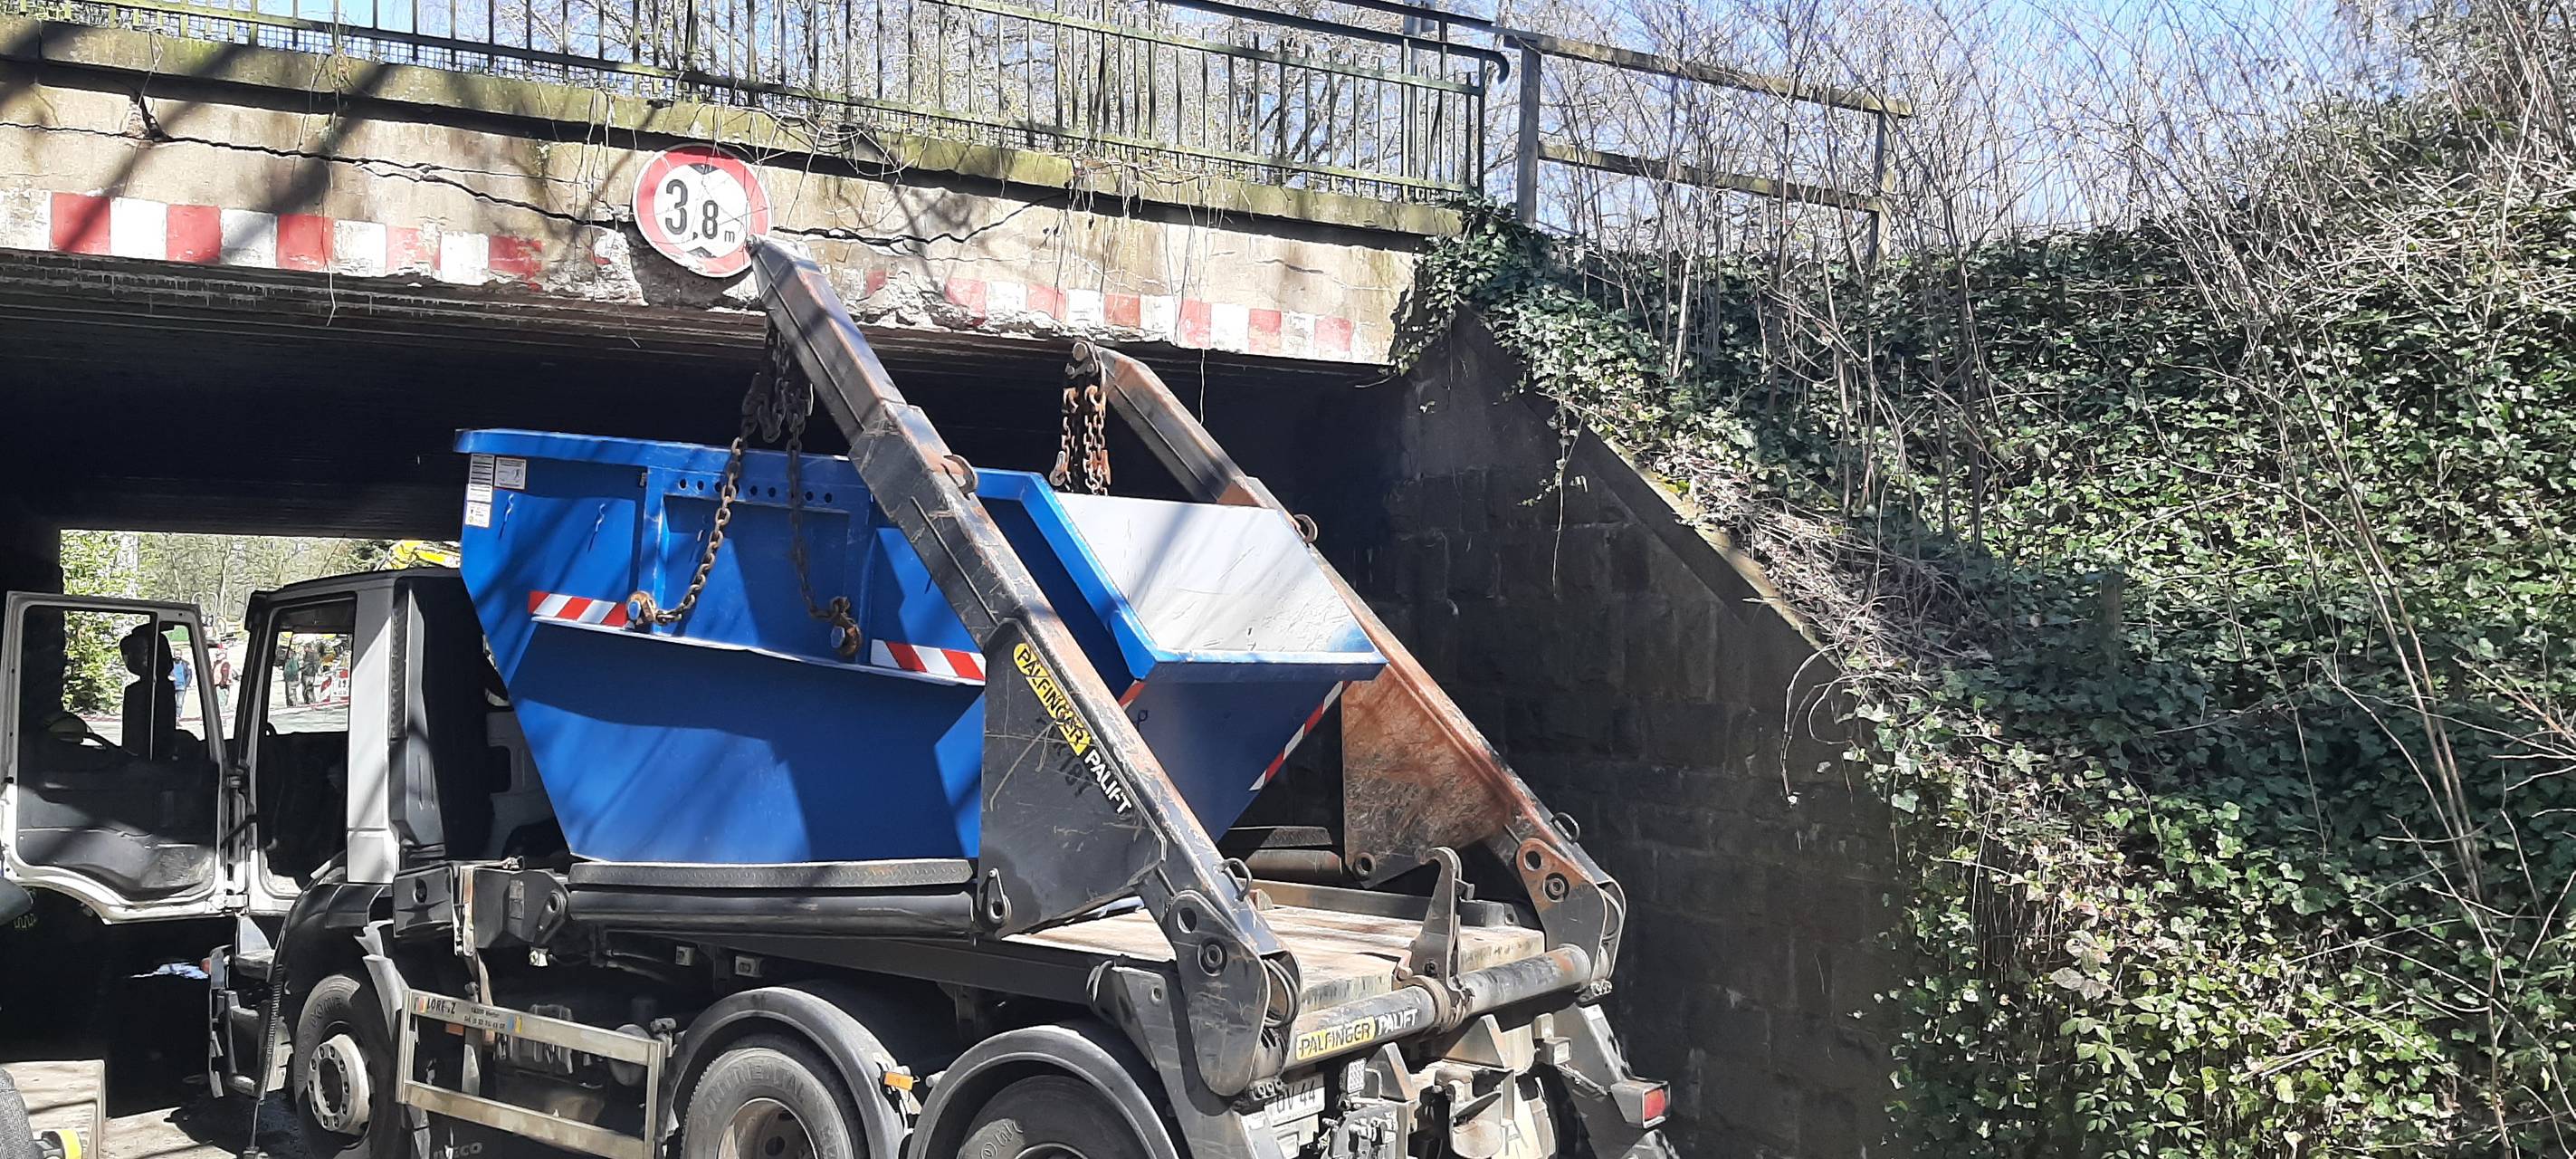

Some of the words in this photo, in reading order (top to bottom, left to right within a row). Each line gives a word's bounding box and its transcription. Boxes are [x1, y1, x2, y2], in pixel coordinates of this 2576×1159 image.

[665, 178, 719, 241] 3,8
[723, 229, 736, 244] m
[1016, 647, 1086, 747] PALFINGER
[1084, 748, 1133, 814] PALIFT
[1300, 1021, 1371, 1058] PALFINGER
[1375, 1008, 1418, 1036] PALIFT
[1299, 1079, 1316, 1106] 44

▶ _WHAT THE TASK ASKS_:
Without the pictures, restate all the entries above exactly.

▶ _REPLY_:
Some of the words in this photo, in reading order (top to bottom, left to right within a row). Each line gives a word's bounding box and its transcription. Boxes are [x1, y1, x2, y2], in pixel coordinates of this 2576×1159 image.

[665, 178, 719, 241] 3,8
[723, 229, 736, 244] m
[1016, 647, 1086, 747] PALFINGER
[1084, 748, 1133, 814] PALIFT
[1300, 1021, 1371, 1058] PALFINGER
[1375, 1008, 1418, 1036] PALIFT
[1299, 1079, 1316, 1106] 44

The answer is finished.